**WHAT NEEDS TO BE DONE**
Print all the records below exactly as they stand, but leave out the pictures.

**RECORDS PROVIDED**
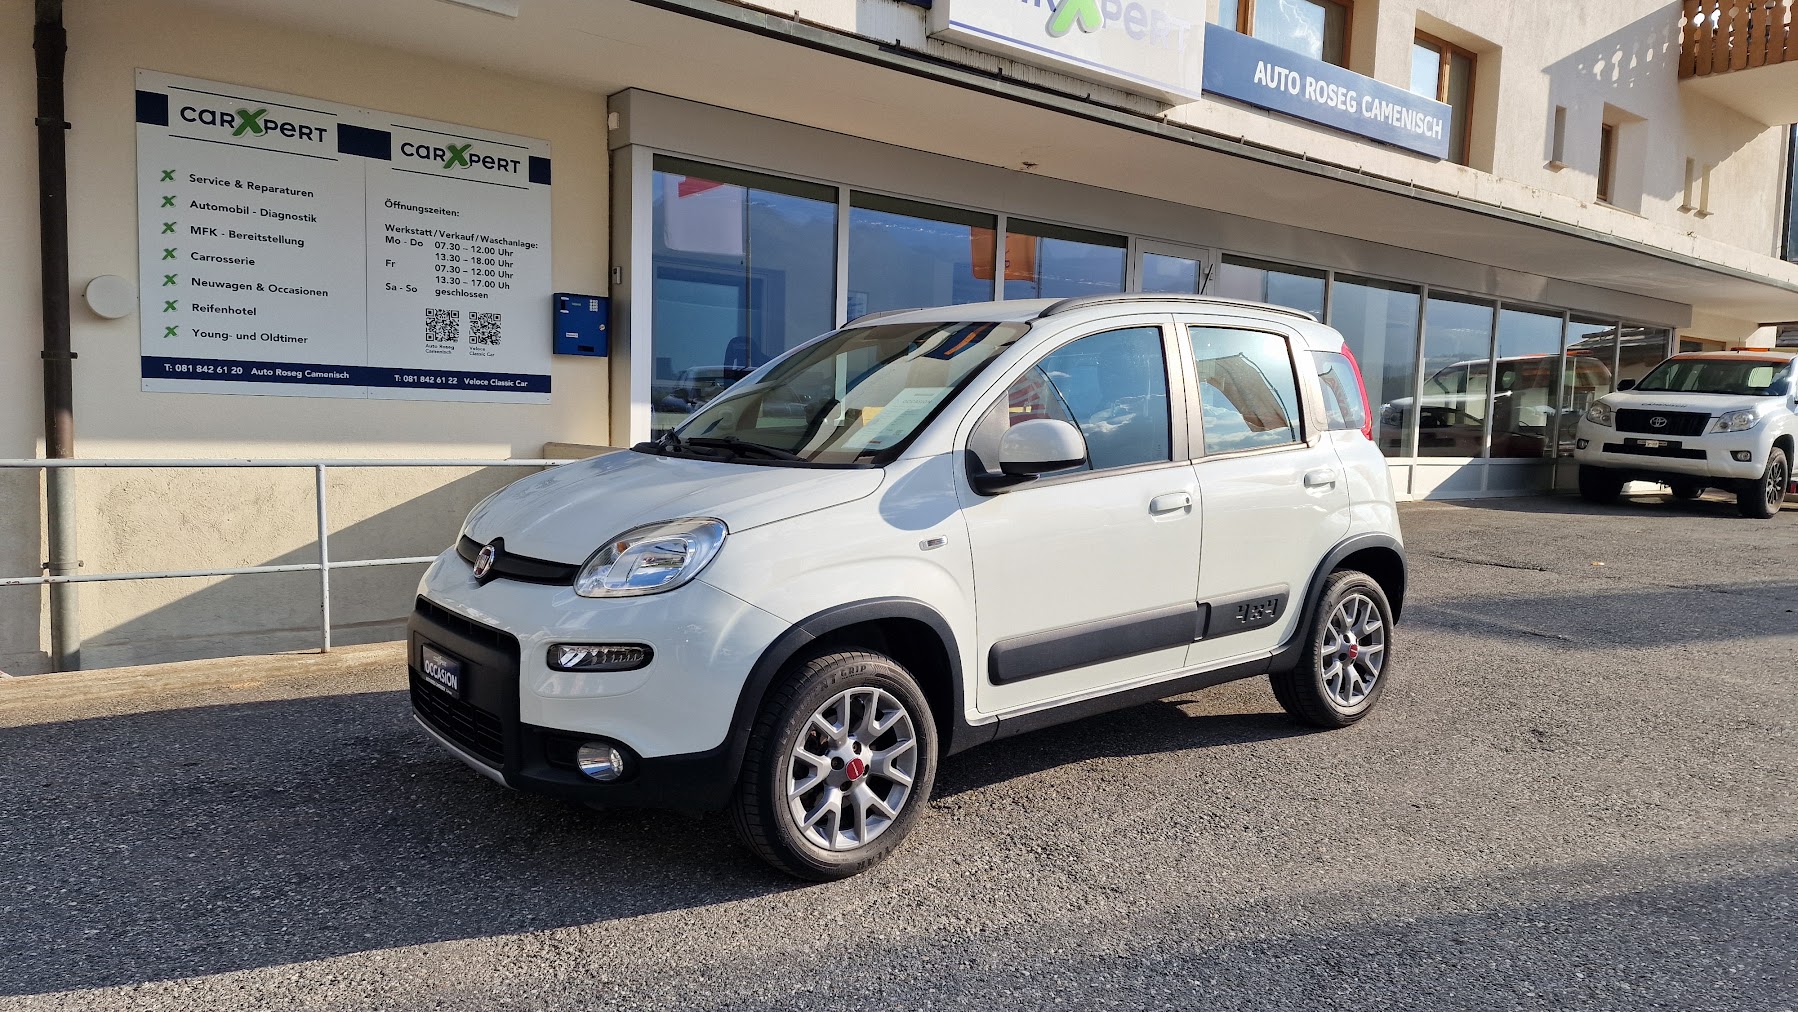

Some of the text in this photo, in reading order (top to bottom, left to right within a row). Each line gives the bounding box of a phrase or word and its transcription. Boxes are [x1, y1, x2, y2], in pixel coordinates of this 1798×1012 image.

[1254, 60, 1443, 140] AUTO ROSEG CAMENISCH
[189, 173, 314, 198] Service & Reparaturen
[189, 199, 249, 215] Automobil
[260, 208, 317, 223] Diagnostik
[384, 198, 460, 217] Öffnungszeiten:
[190, 225, 218, 237] MFK
[228, 230, 305, 248] Bereitstellung
[385, 235, 401, 245] Mo
[410, 238, 424, 247] Do
[434, 241, 461, 251] 07.30
[471, 245, 495, 255] 12.00
[498, 248, 514, 257] Uhr
[190, 252, 256, 266] Carrosserie
[435, 252, 461, 263] 13.30
[471, 257, 495, 267] 18.00
[498, 259, 514, 268] Uhr
[385, 259, 396, 268] Fr
[434, 264, 461, 274] 07.30
[471, 268, 495, 277] 12.00
[498, 270, 514, 279] Uhr
[191, 277, 329, 297] Neuwagen & Occasionen
[385, 282, 397, 291] Sa
[405, 284, 418, 293] So
[434, 289, 489, 299] geschlossen
[435, 275, 461, 285] 13.30
[471, 279, 495, 289] 17.00
[498, 281, 510, 290] Uh
[192, 303, 257, 316] Reifenhotel
[192, 328, 308, 344] Young- und Oldtimer
[164, 363, 349, 379] T: 081 842 61 20 Auto Roseg Camenisch
[394, 374, 402, 382] T:
[403, 374, 418, 383] 081
[420, 375, 435, 383] 842
[436, 376, 446, 384] 61
[463, 377, 489, 386] Veloce
[490, 378, 514, 387] Classic
[515, 379, 528, 387] Car
[424, 659, 458, 690] OCCASION
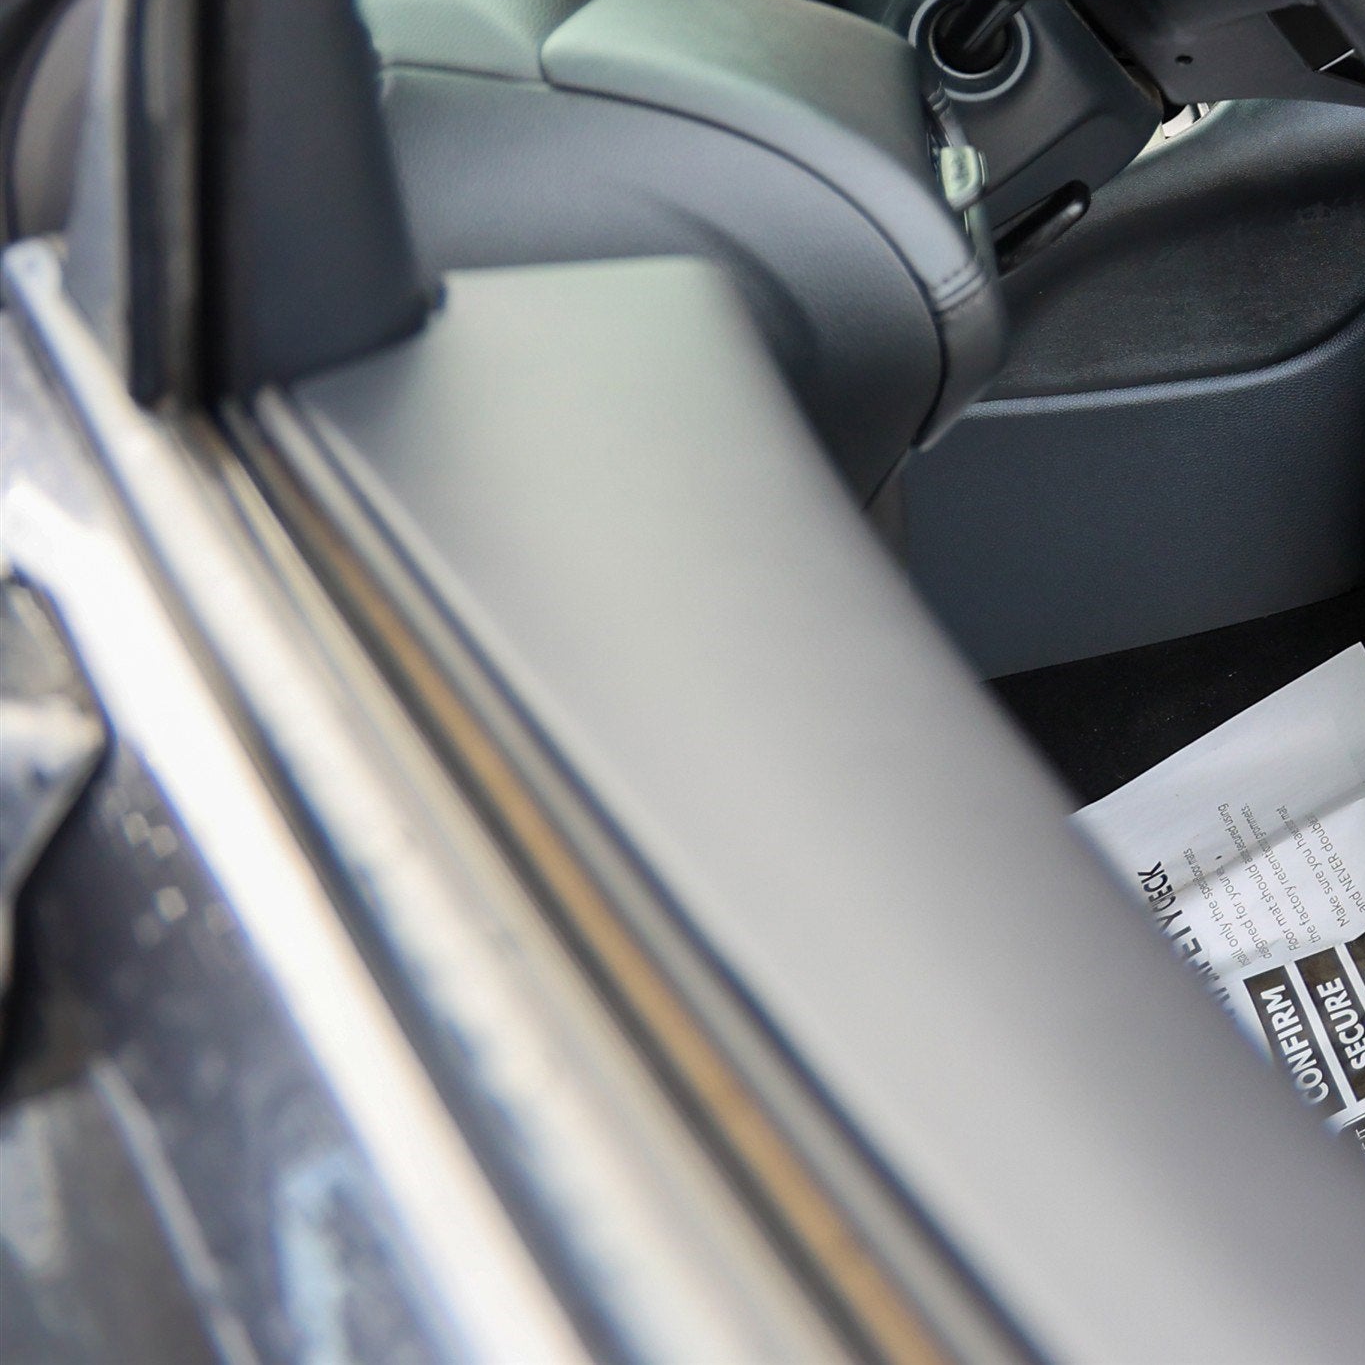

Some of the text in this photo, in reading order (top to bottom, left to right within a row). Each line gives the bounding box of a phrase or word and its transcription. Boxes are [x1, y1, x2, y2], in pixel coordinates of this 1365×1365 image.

[1217, 802, 1233, 826] using
[1301, 847, 1323, 871] you
[1327, 852, 1355, 892] NEVER
[1138, 862, 1175, 912] CECK
[1218, 875, 1241, 900] your
[1244, 863, 1274, 903] should
[1314, 869, 1333, 895] sure
[1207, 899, 1224, 922] the
[1232, 901, 1248, 920] for
[1267, 901, 1287, 927] mat
[1284, 885, 1310, 926] factory
[1328, 895, 1350, 927] Make
[1218, 921, 1238, 948] only
[1306, 924, 1321, 944] the
[1261, 986, 1327, 1100] CONFIRM

**ANSWER SECTION**
Some of the text in this photo, in reading order (top to bottom, left to right within a row). Each line gives the bounding box of a phrase or word and its transcription. Boxes are [x1, y1, x2, y2], in pixel coordinates of this 1798×1012 image.

[1254, 60, 1443, 140] AUTO ROSEG CAMENISCH
[189, 173, 314, 198] Service & Reparaturen
[189, 199, 249, 215] Automobil
[260, 208, 317, 223] Diagnostik
[384, 198, 460, 217] Öffnungszeiten:
[190, 225, 218, 237] MFK
[228, 230, 305, 248] Bereitstellung
[385, 235, 401, 245] Mo
[410, 238, 424, 247] Do
[434, 241, 461, 251] 07.30
[471, 245, 495, 255] 12.00
[498, 248, 514, 257] Uhr
[190, 252, 256, 266] Carrosserie
[435, 252, 461, 263] 13.30
[471, 257, 495, 267] 18.00
[498, 259, 514, 268] Uhr
[385, 259, 396, 268] Fr
[434, 264, 461, 274] 07.30
[471, 268, 495, 277] 12.00
[498, 270, 514, 279] Uhr
[191, 277, 329, 297] Neuwagen & Occasionen
[385, 282, 397, 291] Sa
[405, 284, 418, 293] So
[434, 289, 489, 299] geschlossen
[435, 275, 461, 285] 13.30
[471, 279, 495, 289] 17.00
[498, 281, 510, 290] Uh
[192, 303, 257, 316] Reifenhotel
[192, 328, 308, 344] Young- und Oldtimer
[164, 363, 349, 379] T: 081 842 61 20 Auto Roseg Camenisch
[394, 374, 402, 382] T:
[403, 374, 418, 383] 081
[420, 375, 435, 383] 842
[436, 376, 446, 384] 61
[463, 377, 489, 386] Veloce
[490, 378, 514, 387] Classic
[515, 379, 528, 387] Car
[424, 659, 458, 690] OCCASION

Some of the text in this photo, in reading order (top to bottom, left to right within a row). Each line gives the bounding box of a phrase or word and its transcription. Boxes are [x1, y1, x2, y2], in pixel coordinates of this 1365×1365 image.

[1217, 802, 1233, 826] using
[1301, 847, 1323, 871] you
[1327, 852, 1355, 892] NEVER
[1138, 862, 1175, 912] CECK
[1218, 875, 1241, 900] your
[1244, 863, 1274, 903] should
[1314, 869, 1333, 895] sure
[1207, 899, 1224, 922] the
[1232, 901, 1248, 920] for
[1267, 901, 1287, 927] mat
[1284, 885, 1310, 926] factory
[1328, 895, 1350, 927] Make
[1218, 921, 1238, 948] only
[1306, 924, 1321, 944] the
[1261, 986, 1327, 1100] CONFIRM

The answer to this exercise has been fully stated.